**Exercise materials**
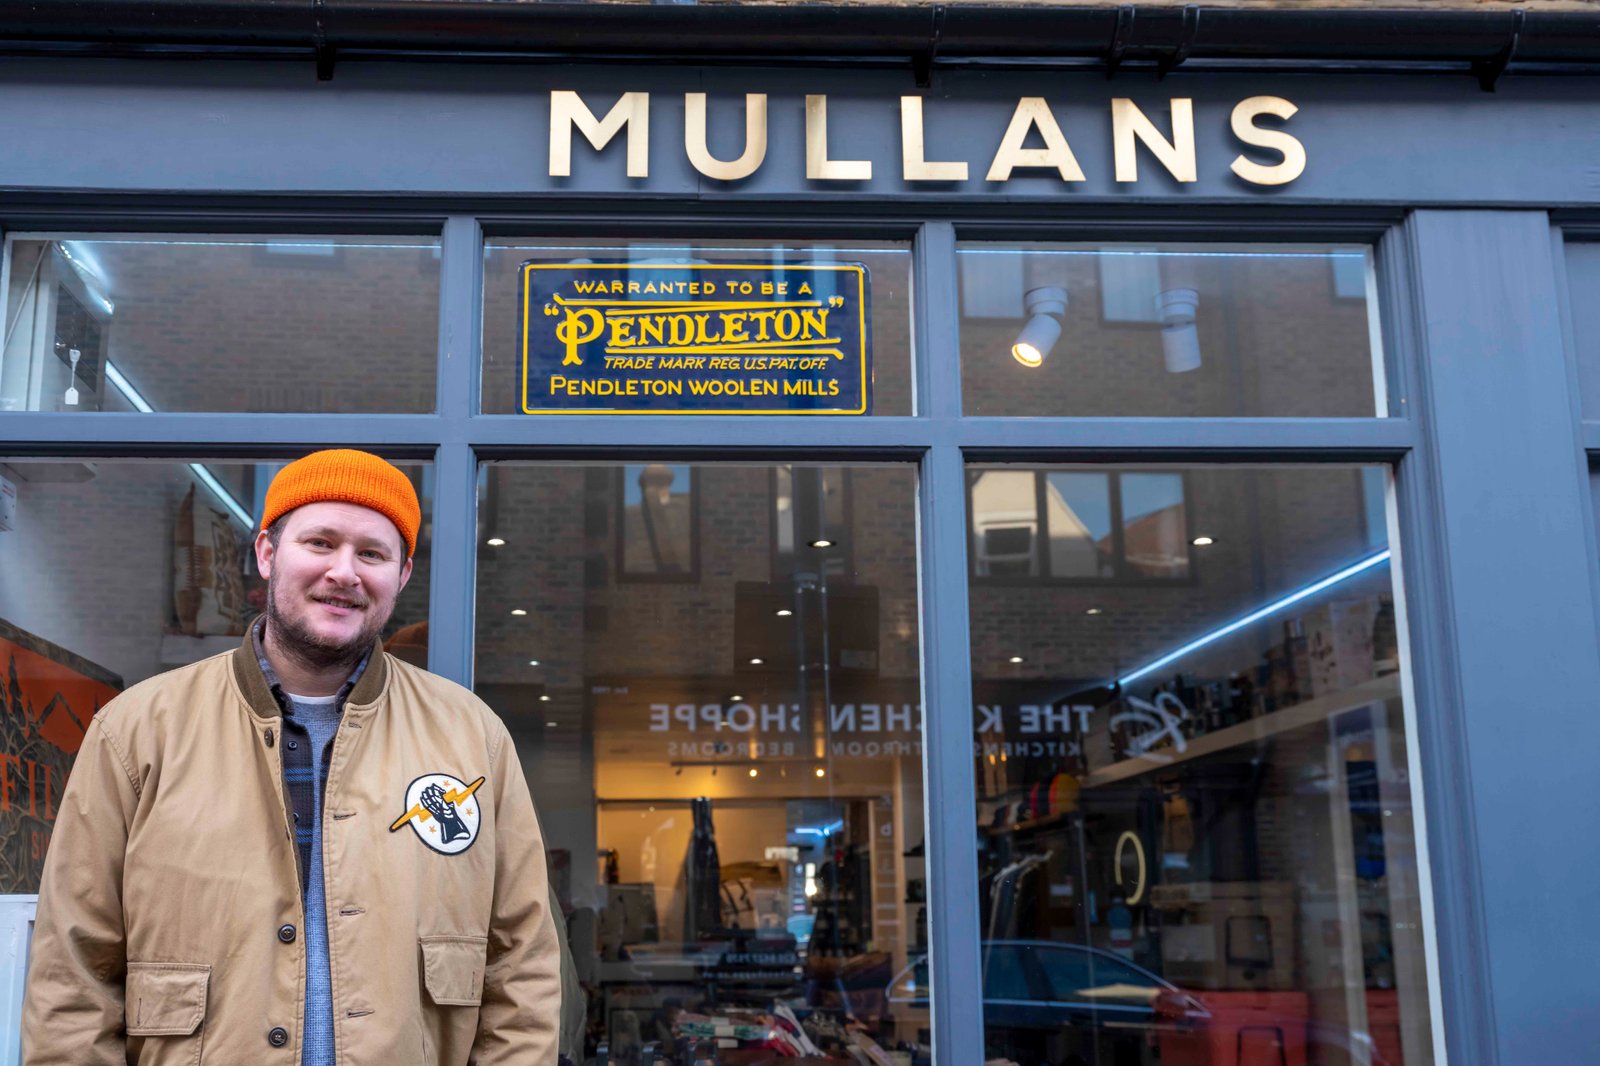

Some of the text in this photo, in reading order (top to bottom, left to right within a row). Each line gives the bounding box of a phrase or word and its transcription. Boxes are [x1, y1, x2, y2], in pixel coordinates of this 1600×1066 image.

[548, 90, 1307, 187] MULLANS
[574, 281, 812, 295] WARRANTED TO BE A
[605, 357, 653, 370] TRADE
[658, 357, 706, 370] MARK
[550, 376, 840, 396] PENDLETON WOOLEN MILLS
[0, 753, 69, 820] FIL
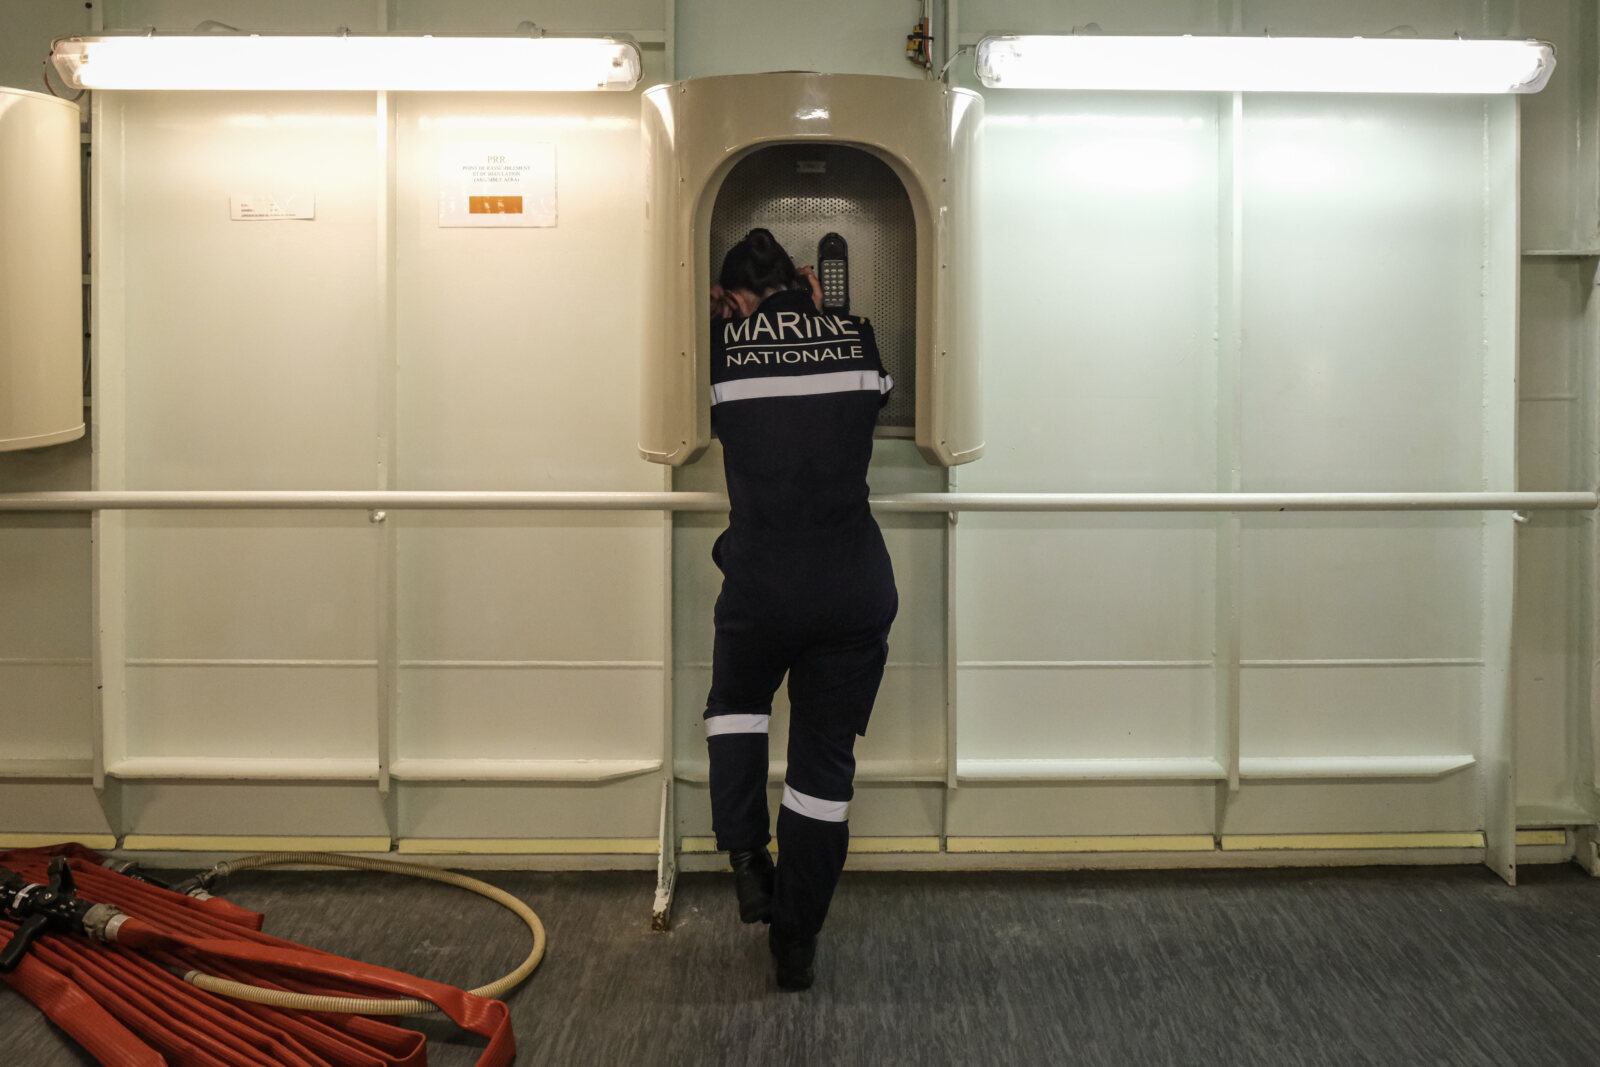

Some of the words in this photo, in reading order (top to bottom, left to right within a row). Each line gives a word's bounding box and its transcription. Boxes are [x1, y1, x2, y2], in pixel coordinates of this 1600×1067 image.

[487, 155, 506, 164] PRR
[724, 311, 860, 344] MARINE
[726, 345, 864, 368] NATIONALE

**Description of the task**
Set down all of the entries exactly. Leave the pictures out.

**Expected answer**
Some of the text in this photo, in reading order (top to bottom, left to right within a row). Each line gives the bounding box of a phrase or word and its transcription. Boxes are [x1, y1, x2, y2], in pixel coordinates of this 1600×1066 image.

[548, 90, 1307, 187] MULLANS
[574, 281, 812, 295] WARRANTED TO BE A
[605, 357, 653, 370] TRADE
[658, 357, 706, 370] MARK
[550, 376, 840, 396] PENDLETON WOOLEN MILLS
[0, 753, 69, 820] FIL

Some of the words in this photo, in reading order (top to bottom, left to right within a row). Each line gives a word's bounding box and its transcription. Boxes are [x1, y1, x2, y2], in pixel coordinates of this 1600×1067 image.

[487, 155, 506, 164] PRR
[724, 311, 860, 344] MARINE
[726, 345, 864, 368] NATIONALE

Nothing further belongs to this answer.